Similarly, a prospective cohort study ¹³² of 57 caregivers of Caucasian children with cerebral palsy detailed a significant, measurable (short-form 36 version II) quality of life at 6 months and 12 months after GT insertion. Improvements were noted in social functioning, mental health, energy and/or vitality, and general health perception.
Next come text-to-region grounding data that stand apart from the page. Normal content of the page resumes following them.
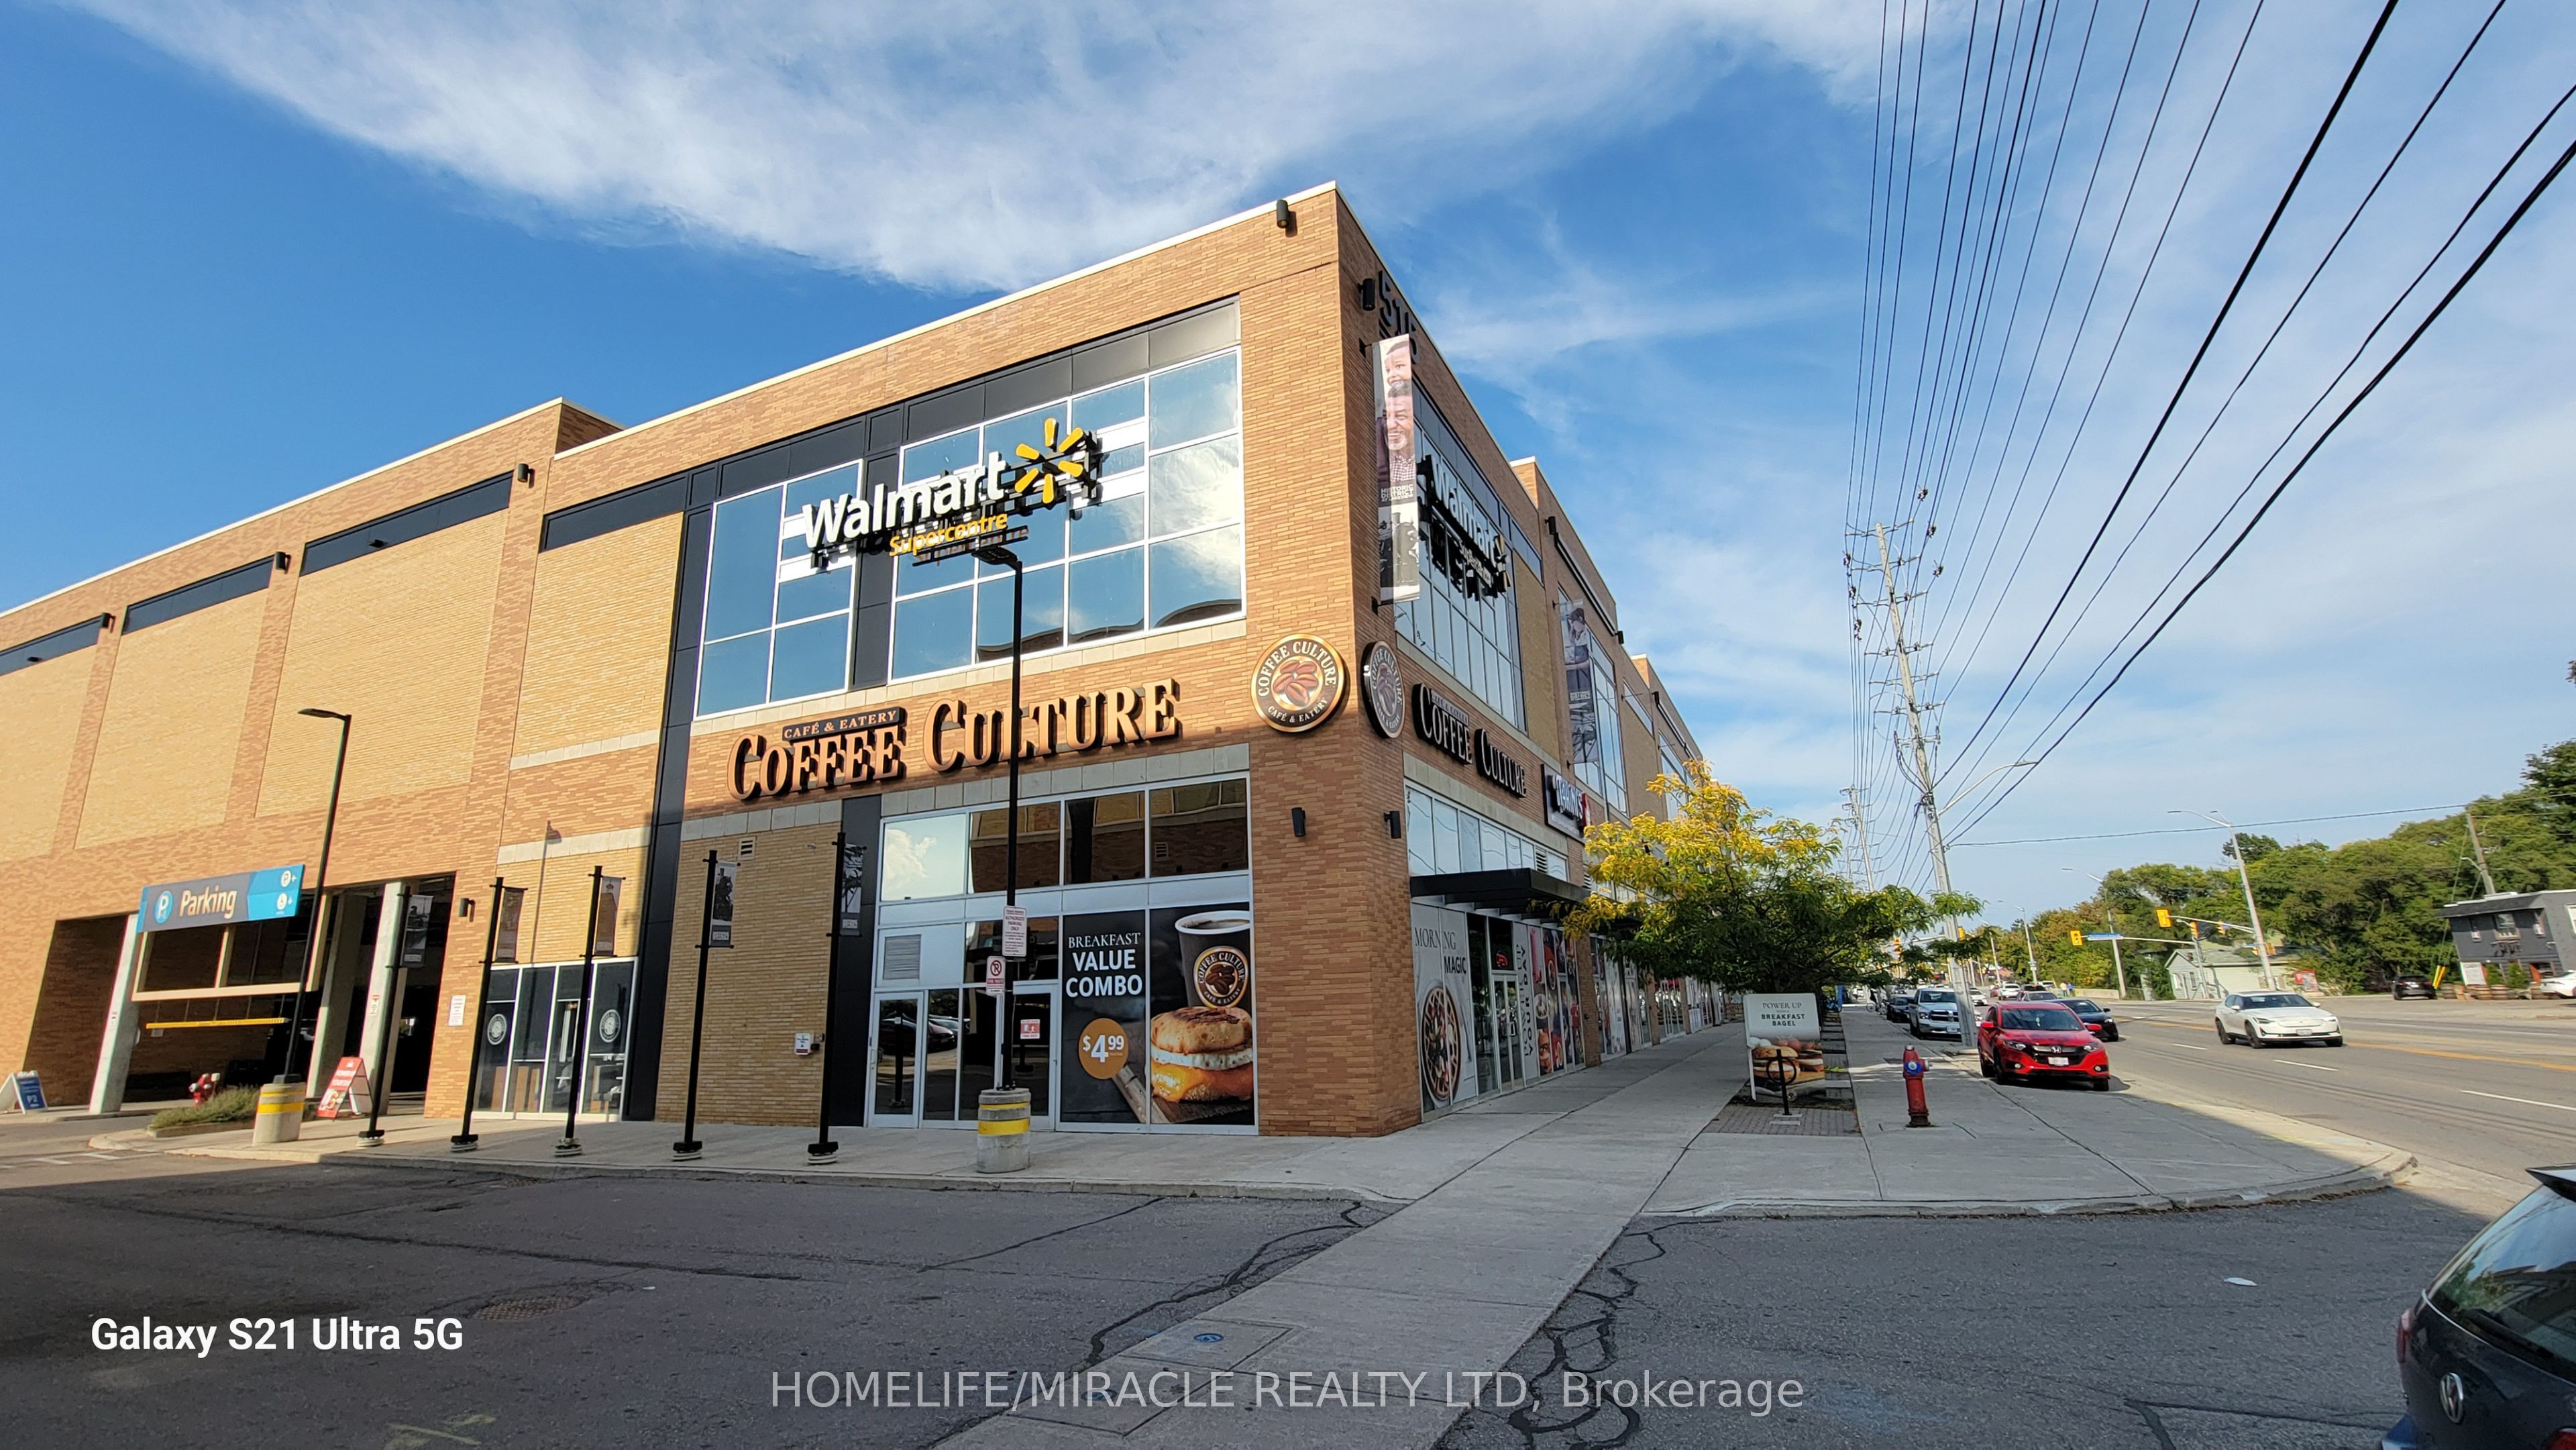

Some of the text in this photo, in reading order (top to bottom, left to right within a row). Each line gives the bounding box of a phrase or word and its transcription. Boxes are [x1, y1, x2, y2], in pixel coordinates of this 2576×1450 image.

[803, 451, 1007, 549] Walmart
[1431, 453, 1497, 568] Walmart
[889, 512, 1008, 557] Supercentre
[1257, 641, 1337, 697] COFFEE CULTURE
[784, 710, 897, 739] CAFÉ & EATERY
[1267, 697, 1328, 723] CAFÉ & EATERY
[727, 678, 1177, 800] COFFEE CULTURE
[1419, 683, 1472, 765] COFFEE
[1481, 729, 1527, 796] CULTURE
[179, 886, 237, 919] Parking
[1068, 932, 1141, 949] BREAKFAST
[1414, 927, 1456, 950] MORNNG
[1072, 949, 1136, 972] VALUE
[1198, 952, 1245, 984] COFFEE CULTURE
[1444, 956, 1466, 974] MAGIC
[1065, 974, 1143, 998] COMBO
[1525, 996, 1534, 1056] YOUR
When compared to baseline data and values at 12 months, results were not significantly different from the normal reference data. The value of gastrostomy placement has conceivably been enhanced further by a prospective controlled study of children¹³³ that found significant clinical benefit at no significant extra cost. The cost of food did increase post surgery from $65 to $78 per week with the mean net cost difference being $41 per week per child inclusive of food and surgery. Community service costs were significantly lower post surgery and few parents reported personal costs at either time point, although many had reduced or stopped paid work to care for the child.

Unfortunately, enhancements in the quality of life of neurological impaired children through use of feeding devices have not been so evident. A recent prospective report ¹³⁴ of 50 neurologically impaired children receiving either GT or GJ feeding noted the mean weight-for-age z-score and ease of medication administration increased significantly over time but there was no improvement in either their quality of life or health related quality of life over a 12-month period. Also, the eight children with a progressive neurological disorder had a significantly lower quality of life over time. Nonetheless, caregivers were of the opinion that GT and GJ tube feeding had a positive impact on their child’s health at 6 months (86%), and 12 months (84%).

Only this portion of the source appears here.